EXERCISE:
Repeat, word for word, every line from the line holding "Some of the words" through the final line of the entries below. Skip all pictures.

Text-to-region grounding data:
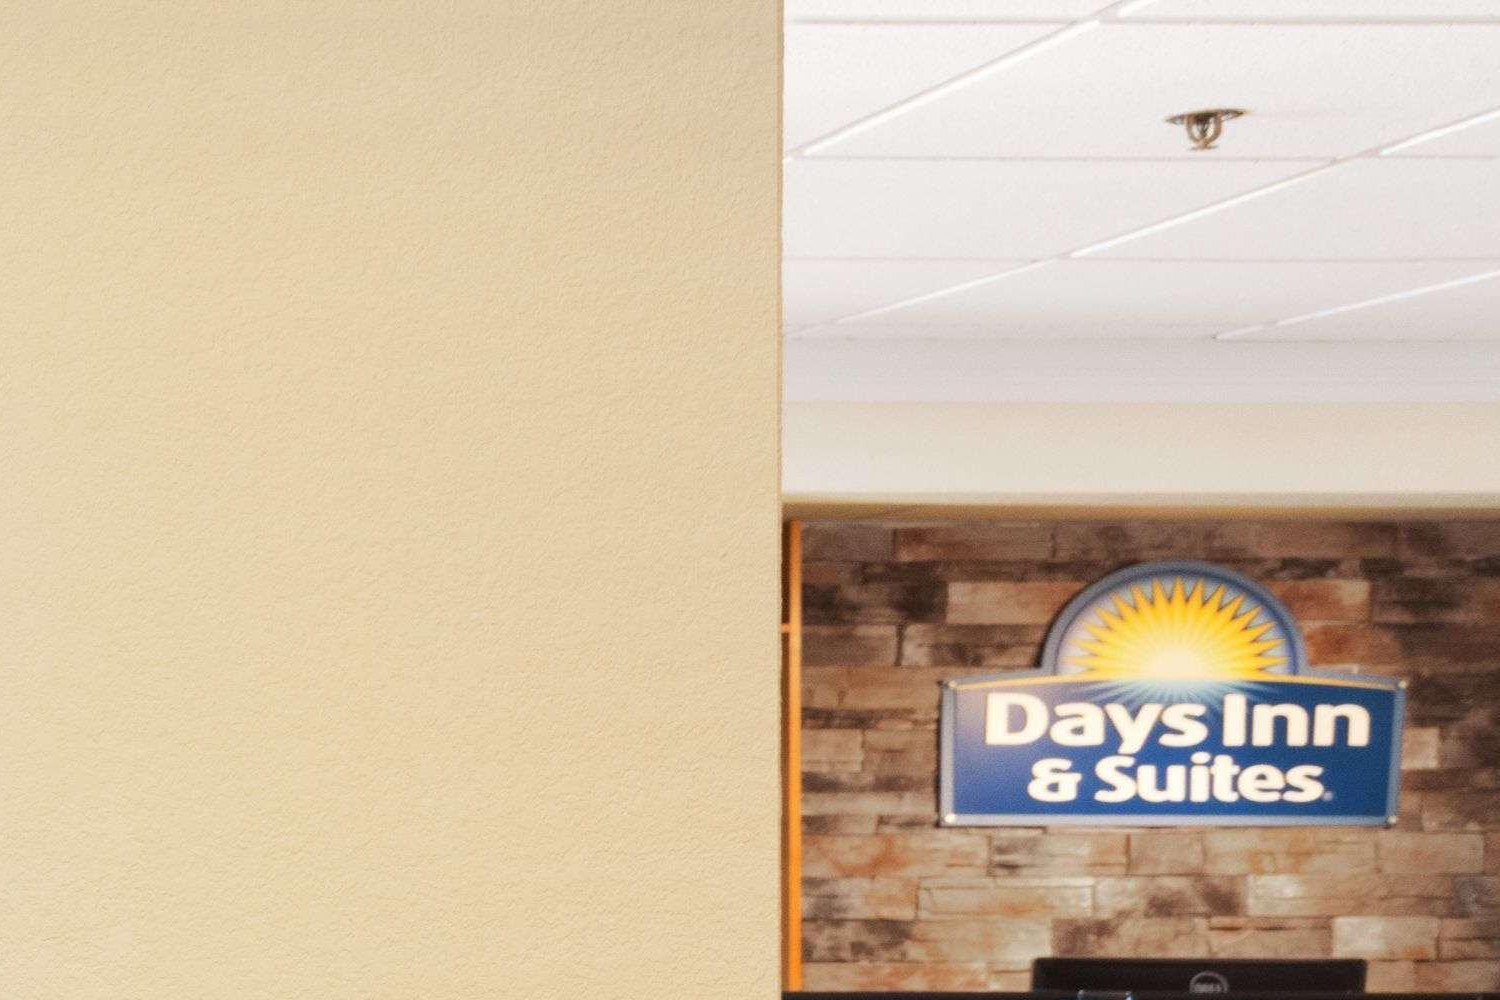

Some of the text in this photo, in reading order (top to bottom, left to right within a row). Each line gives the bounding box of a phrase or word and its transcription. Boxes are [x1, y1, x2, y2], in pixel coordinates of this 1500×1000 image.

[985, 691, 1371, 754] Days Inn
[1027, 751, 1325, 803] & Suites
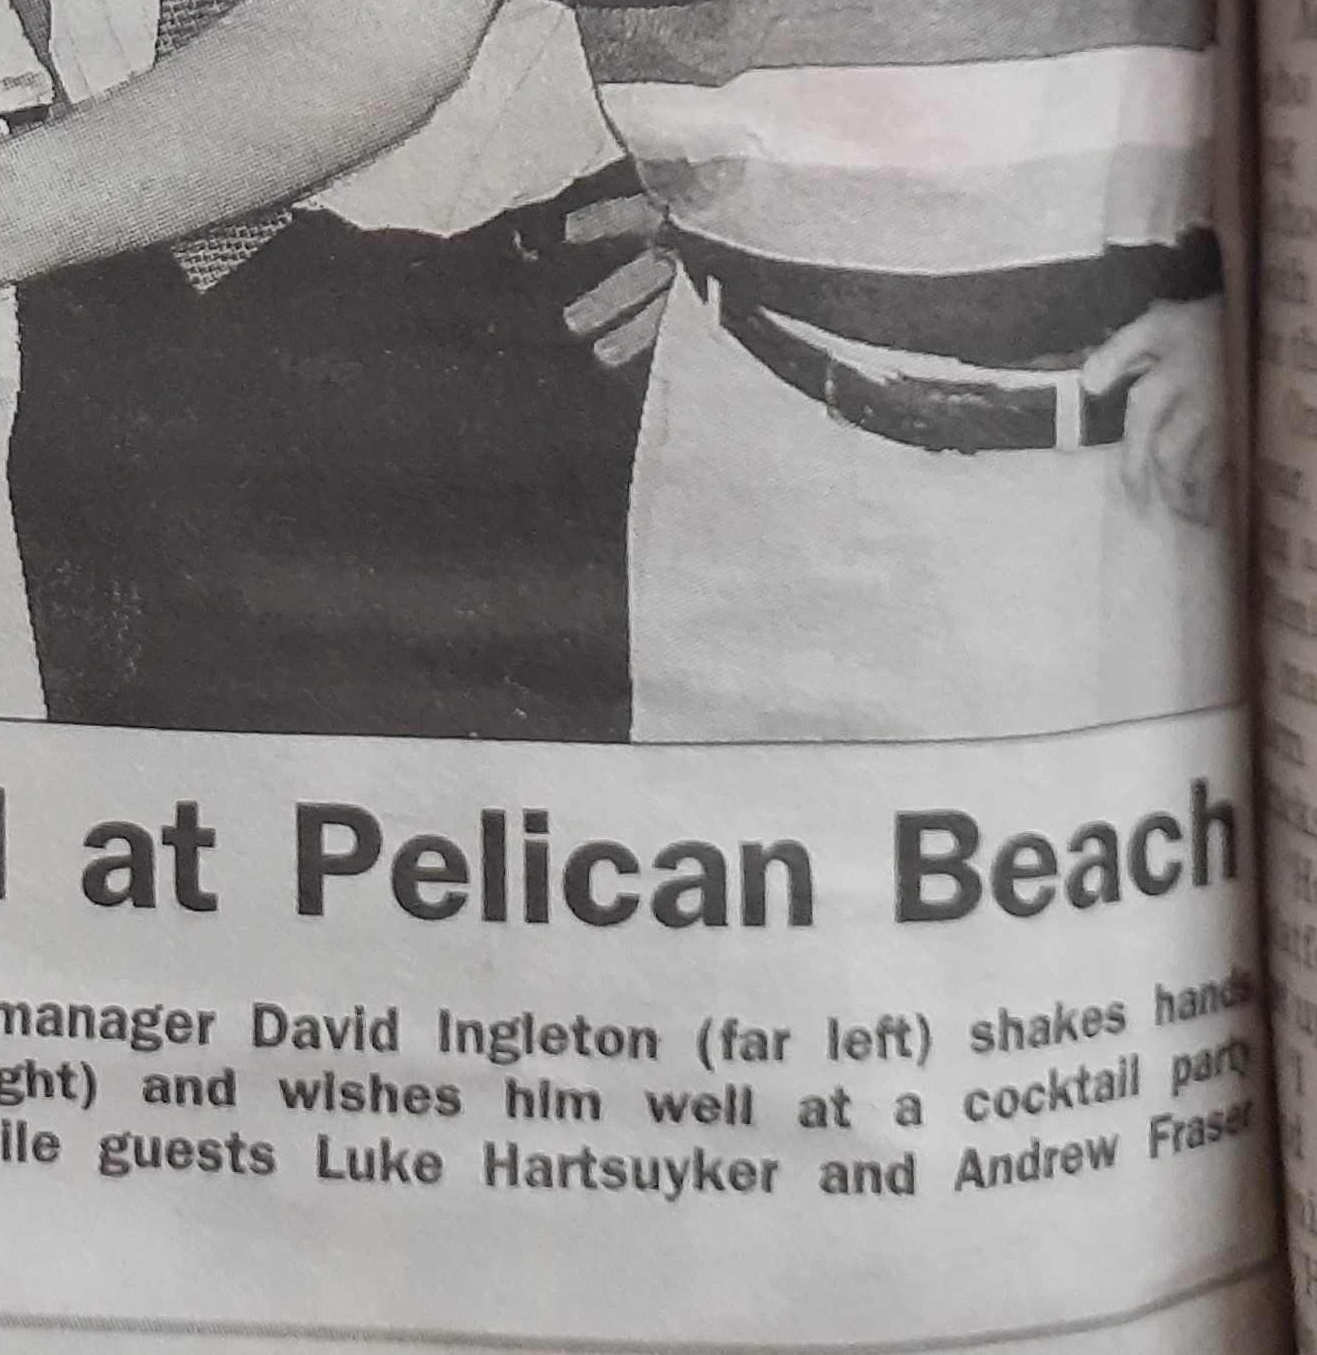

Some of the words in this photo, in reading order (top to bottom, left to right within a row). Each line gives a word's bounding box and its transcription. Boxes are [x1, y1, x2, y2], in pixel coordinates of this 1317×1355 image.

[81, 801, 219, 913] at
[295, 802, 814, 930] Pelican
[894, 779, 1238, 925] Beach
[252, 1002, 399, 1053] David
[439, 1009, 657, 1066] Ingleton
[696, 1018, 791, 1074] (far
[827, 1013, 933, 1068] left)
[971, 1001, 1127, 1055] shakes
[142, 1067, 236, 1108] and
[278, 1071, 461, 1117] wishes
[505, 1077, 601, 1121] him
[645, 1084, 752, 1126] well
[799, 1087, 852, 1129] at
[895, 1093, 923, 1127] a
[964, 1053, 1139, 1122] cocktail
[98, 1131, 277, 1178] guests
[317, 1133, 443, 1185] Luke
[483, 1141, 778, 1203] Hartsuyker
[820, 1153, 915, 1196] and
[955, 1134, 1118, 1191] Andrew
[1148, 1099, 1254, 1159] Fraser
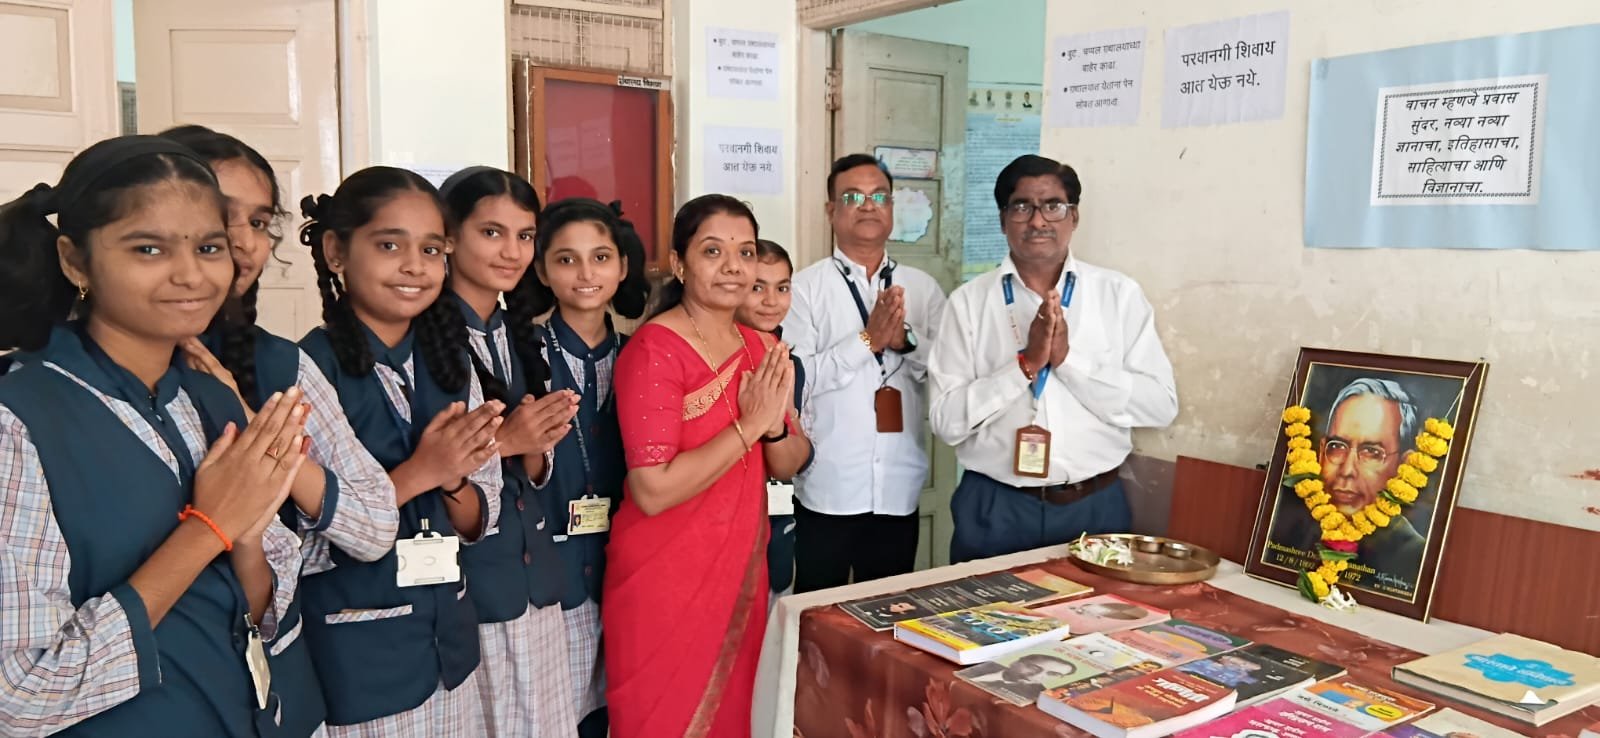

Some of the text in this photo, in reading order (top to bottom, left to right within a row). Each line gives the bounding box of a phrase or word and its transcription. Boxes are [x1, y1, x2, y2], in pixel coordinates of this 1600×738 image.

EXERCISE OUTPUT:
Some of the words in this photo, in reading order (top to bottom, left to right within a row). Each line gives a word's bounding box and its transcription. Boxes are [x1, y1, x2, y2], in pixel coordinates of this 1317×1355 image.

[81, 801, 219, 913] at
[295, 802, 814, 930] Pelican
[894, 779, 1238, 925] Beach
[252, 1002, 399, 1053] David
[439, 1009, 657, 1066] Ingleton
[696, 1018, 791, 1074] (far
[827, 1013, 933, 1068] left)
[971, 1001, 1127, 1055] shakes
[142, 1067, 236, 1108] and
[278, 1071, 461, 1117] wishes
[505, 1077, 601, 1121] him
[645, 1084, 752, 1126] well
[799, 1087, 852, 1129] at
[895, 1093, 923, 1127] a
[964, 1053, 1139, 1122] cocktail
[98, 1131, 277, 1178] guests
[317, 1133, 443, 1185] Luke
[483, 1141, 778, 1203] Hartsuyker
[820, 1153, 915, 1196] and
[955, 1134, 1118, 1191] Andrew
[1148, 1099, 1254, 1159] Fraser

Some of the text in this photo, in reading order (top to bottom, left to right within a row). Each line gives the bounding box of a phrase or word and its transcription. Boxes are [x1, y1, x2, y2], in pixel coordinates of this 1600×738 image.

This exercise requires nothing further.